New York - The impacts of climate change are often felt through water – more intense and frequent droughts, more extreme flooding, more erratic seasonal rainfall and accelerated melting of glaciers – with cascading effects on economies, ecosystems and all aspects of our daily lives.
And yet, for too long water has been a ‘blindspot’ in climate talks and does not receive the necessary urgent priority in sustainable development and disaster risk reduction efforts. Water management is a powerful solution for adapting to the impacts of climate change, achieving resilience, and reducing greenhouse gas emissions.
It is time to “wake up to water,” according to the World Meteorological Organization and other Water and Climate Leaders.
The call to make a paradigm shift to ensure integrated action on water and climate resilience was issued on the eve of a once-in-a-generation U.N. 2023 Water Conference, which seeks to accelerate efforts to achieve a more water safe and water secure world.
Currently, 3.6 billion people face inadequate access to water at least a month per year and this is expected to increase to more than 5 billion by 2050. Water-related hazards are on the increase. Over 100 countries are not on track to have sustainably managed water resources by 2030.
“Almost 75 percent of all disasters were water related in the past 20 years, with at least 1.6 billion people affected by floods and 1.4 billion by droughts) and economic damage of almost US$700 billion,” said WMO Secretary-General Prof. Petteri Taalas.
“One important preparedness measure for combating the water-related disasters is to have effective and tailored multi-hazard early warning systems. WMO is committed to support the implementation of the UN Early Warnings for All initiative, through observations, monitoring and forecasting of weather and water-related hazards like floods and droughts,” he said.

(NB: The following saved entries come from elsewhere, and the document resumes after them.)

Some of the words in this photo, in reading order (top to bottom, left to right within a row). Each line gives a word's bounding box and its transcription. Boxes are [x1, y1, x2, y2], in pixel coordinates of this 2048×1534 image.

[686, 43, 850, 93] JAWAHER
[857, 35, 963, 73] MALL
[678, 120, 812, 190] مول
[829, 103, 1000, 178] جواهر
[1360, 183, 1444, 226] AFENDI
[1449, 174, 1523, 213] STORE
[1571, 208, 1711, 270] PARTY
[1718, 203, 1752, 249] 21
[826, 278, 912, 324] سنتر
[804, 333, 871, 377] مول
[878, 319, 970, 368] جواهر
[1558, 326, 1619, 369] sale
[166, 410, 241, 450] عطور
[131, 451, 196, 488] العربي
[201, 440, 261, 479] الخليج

Prof. Taalas will be a co-chair of a high-level panel convened by UN Secretary-General António Guterres to implement Early Warnings for All – which will be one of the focal points of WMO activities during the UN Water Conference. He will also join other Water and Climate Leaders in continuing the campaign for integrated water and climate action.
Today, more than 60% of WMO Member States report insufficient capabilities in hydrological monitoring, making it difficult to provide decision support in water-related sectors such as food production, energy security, health, economic development and climate change resilience.

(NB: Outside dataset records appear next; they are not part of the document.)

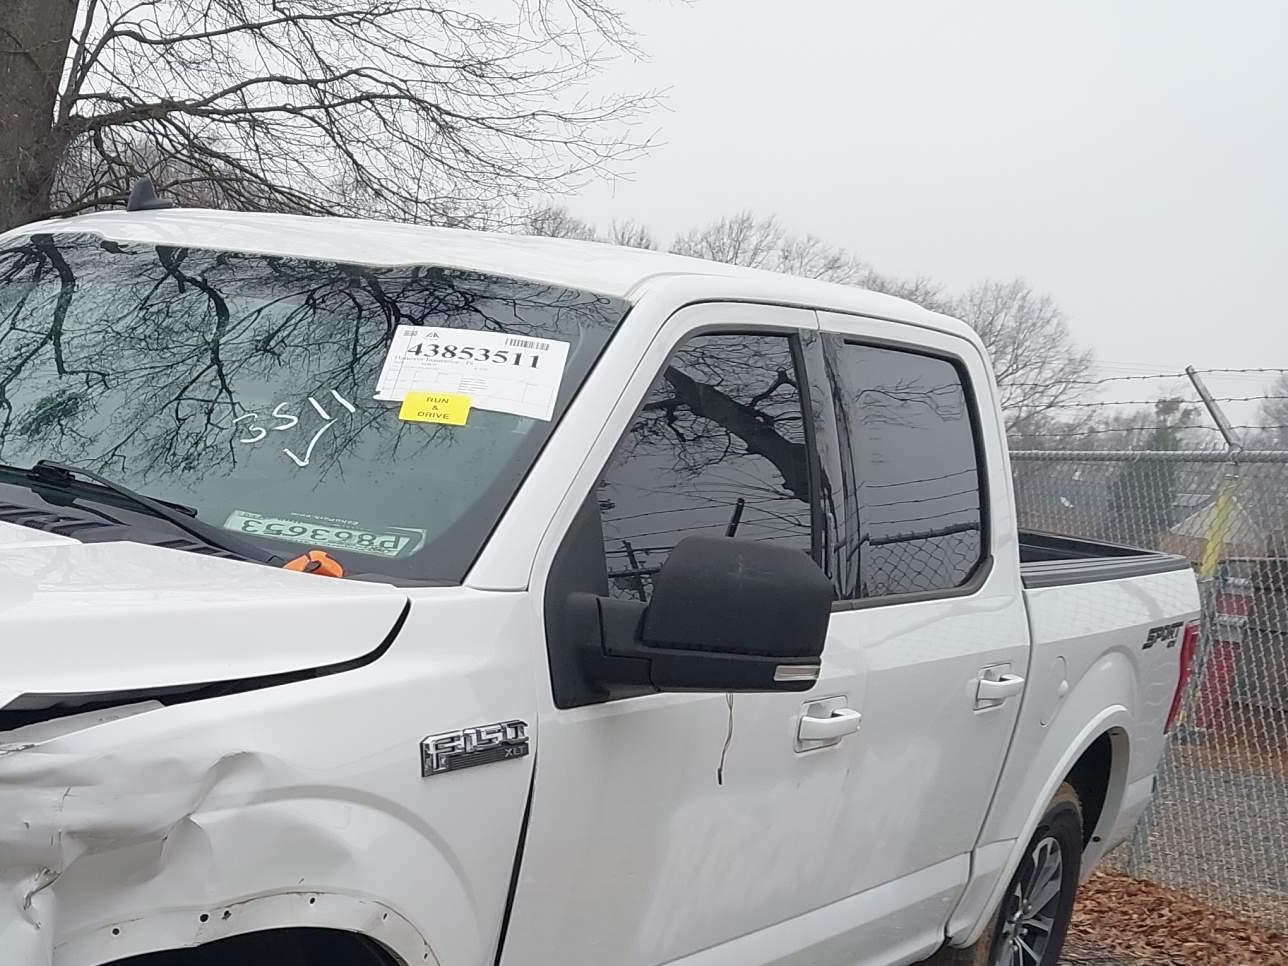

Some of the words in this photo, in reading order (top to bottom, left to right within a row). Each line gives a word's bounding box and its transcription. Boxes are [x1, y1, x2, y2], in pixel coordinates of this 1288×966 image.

[407, 342, 540, 369] 43853511
[426, 396, 450, 404] RUN
[417, 411, 450, 420] DRIVE
[241, 519, 401, 550] P863653
[1142, 621, 1185, 650] SPORT
[504, 746, 528, 758] XLT
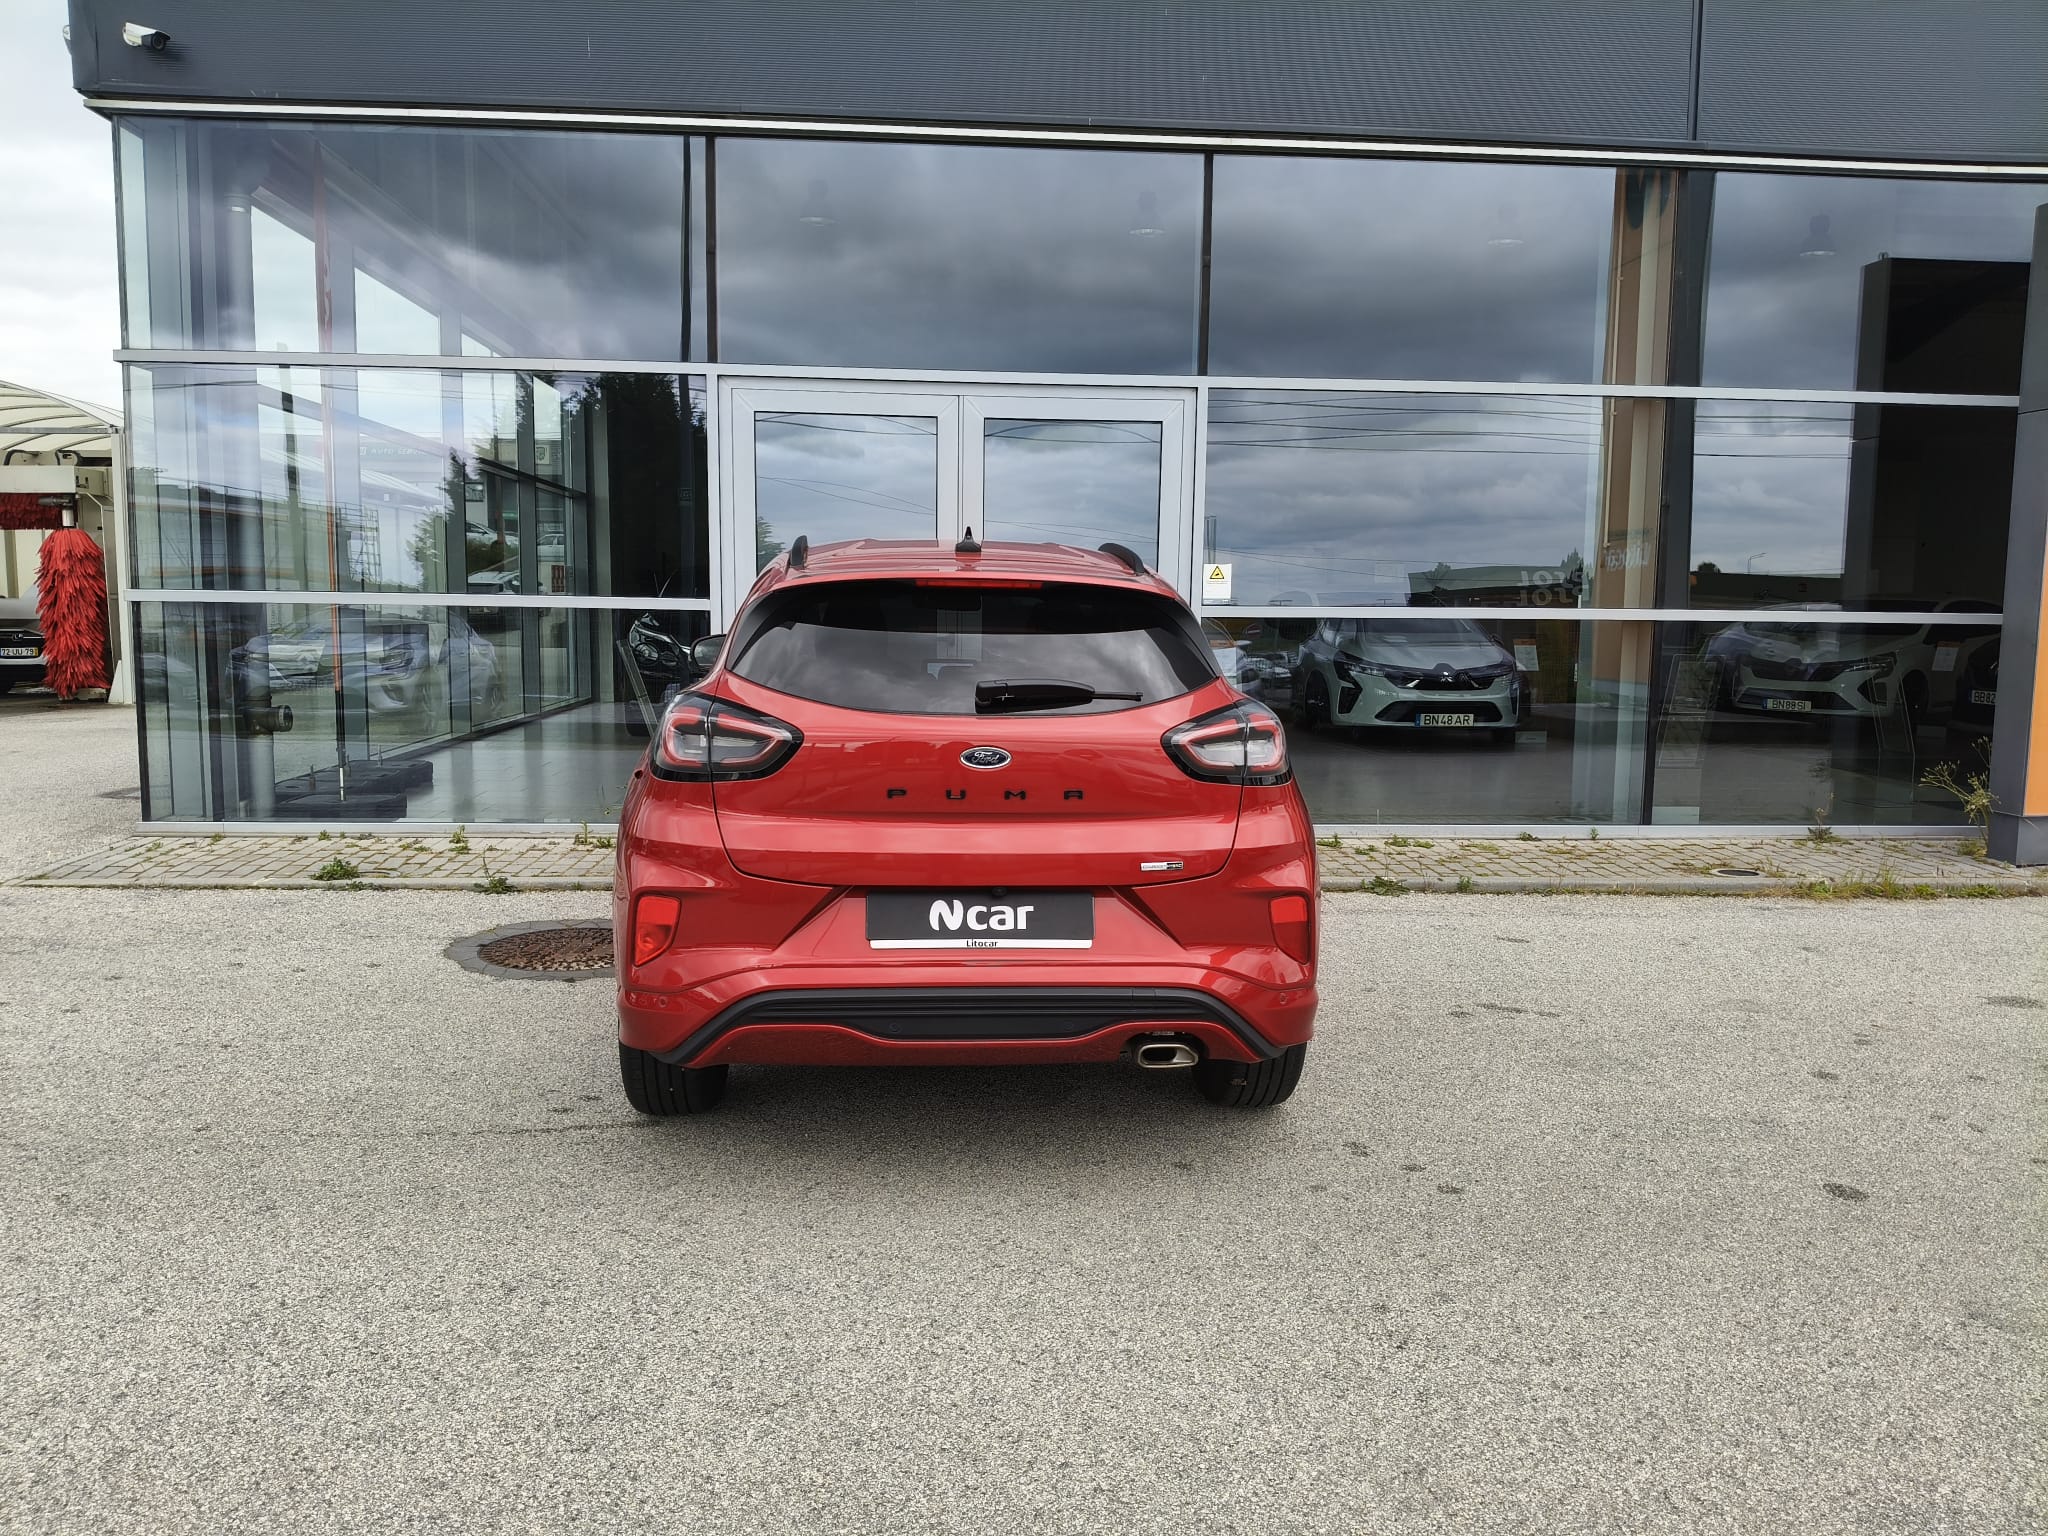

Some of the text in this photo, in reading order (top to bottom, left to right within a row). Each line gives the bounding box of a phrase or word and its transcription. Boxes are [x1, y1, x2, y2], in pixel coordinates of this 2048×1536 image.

In response, WMO has committed to implement better water information services for all through the Global Hydrological Status and Outlook System (HydroSOS), which integrates the best available data using remote sensing, Earth observations and models, The implementation of HydroSOS will be a transformative game changer. It will significantly improve Member States’ capability to address the increasing demand for water, manage the impacts of climate change while ensuring sustainable ecosystems.
“We need to wake up!,” proclaimed an op-Ed from the Water and Climate leaders.

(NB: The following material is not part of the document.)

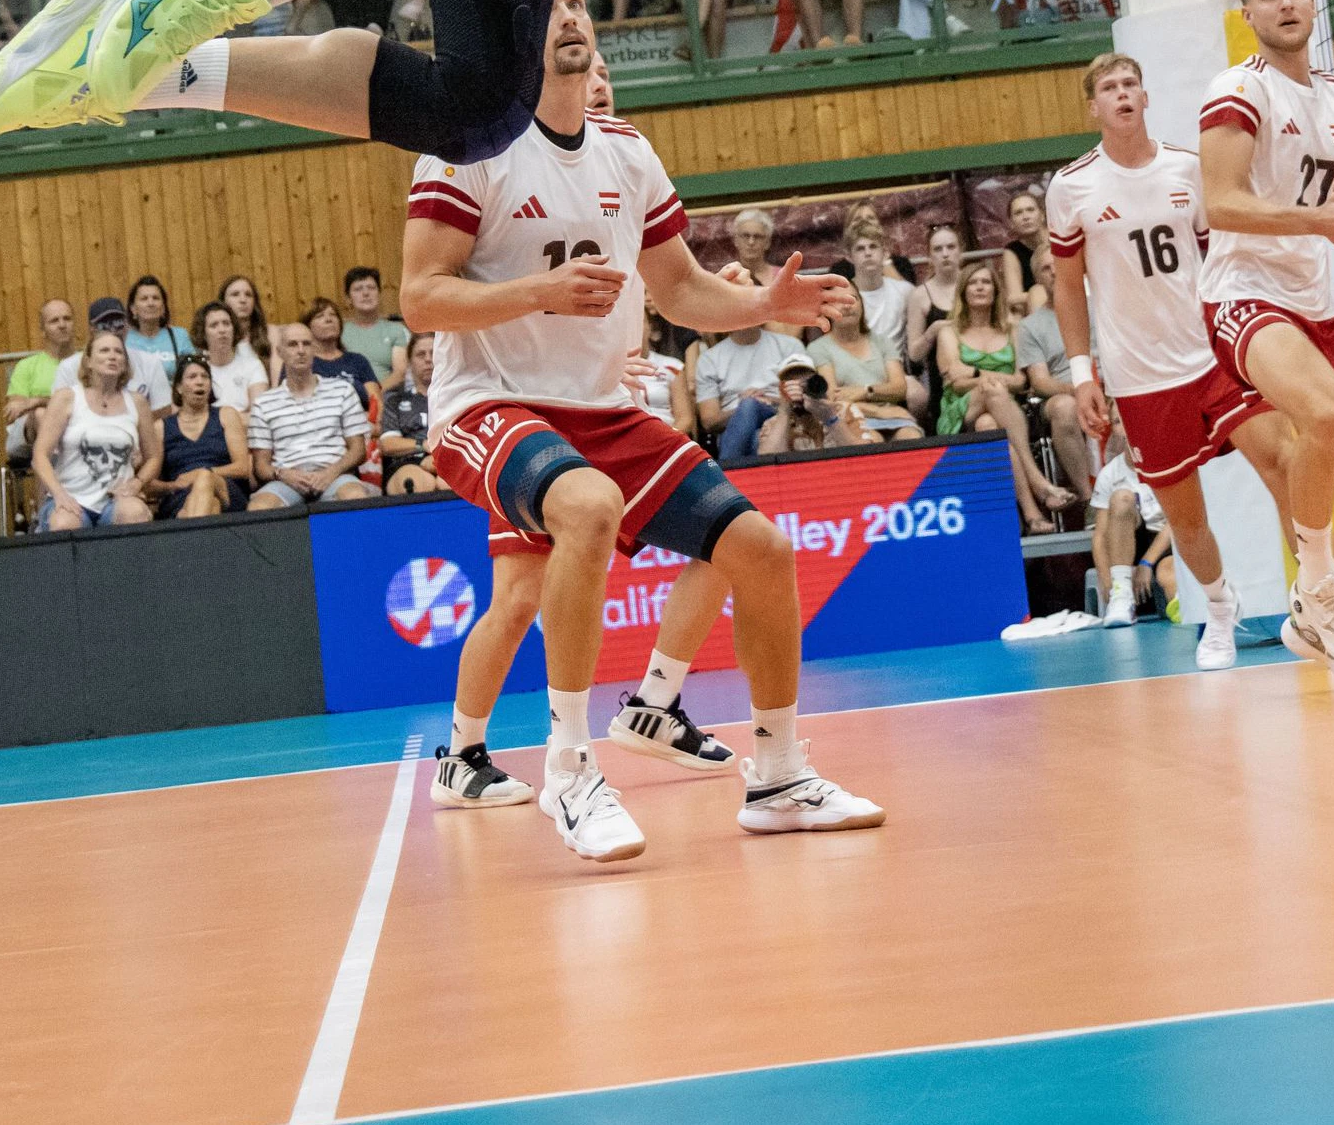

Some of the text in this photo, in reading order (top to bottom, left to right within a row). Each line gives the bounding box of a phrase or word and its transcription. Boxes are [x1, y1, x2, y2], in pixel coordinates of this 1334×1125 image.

[602, 208, 619, 218] AUT
[1128, 224, 1179, 279] 16
[478, 411, 505, 438] 12
[862, 496, 966, 544] 2026

Wake up to water’s role in providing life, achieving food security, maintaining peace and security, contributing to economic growth, and rejuvenating ecosystems.
Wake up to water’s role in reducing emissions from water and sanitation services. Only about 20% of wastewater globally is properly treated. Untreated wastewater released into the environment generates an emissions footprint of roughly 3 times that from the same wastewater treated in a traditional wastewater treatment plant.
Wake up to water’s role in reducing emissions from water resources such as wetlands and reservoirs and by sequestering carbon. Well-defined actions taken to preserve and restore natural functioning of wetlands (e.g., wetting and drying cycles) and manage water levels and littoral vegetation of reservoirs can preserve their role as carbon sinks that absorb emissions naturally.
Wake up to water’s role in enabling clean energy production from sustainable hydropower, biofuels, carbon capture and storage (CCS), green hydrogen, solar and wind power. Water is key to the necessary transition to clean energy. Simultaneously, demand for water in the energy sector must be managed to avoid challenges and risks to water resources and decouple water use from economic growth.
Sustainable Development Goals
The Water and Climate Leaders are an eminent panel of 16 high-level decision and policy makers, which provides strategic guidance on integrating the water and climate agendas. They front an international coalition spearheaded by the World Meteorological Organization (WMO), international agencies, the private sector and civil society.
The Water and Climate Leaders last year issued an Action Plan For Integrated Water And Climate Agenda that presents the international water community with solutions to manage water for multiple objectives on the rapidly changing climate. This includes a global water information service, a cryosphere information mechanism and a new financing rationale.
Their work will feed into the Water Action Agenda – a series of bold commitments made by governments, businesses and communities to meet the global water and sanitation related goals and targets.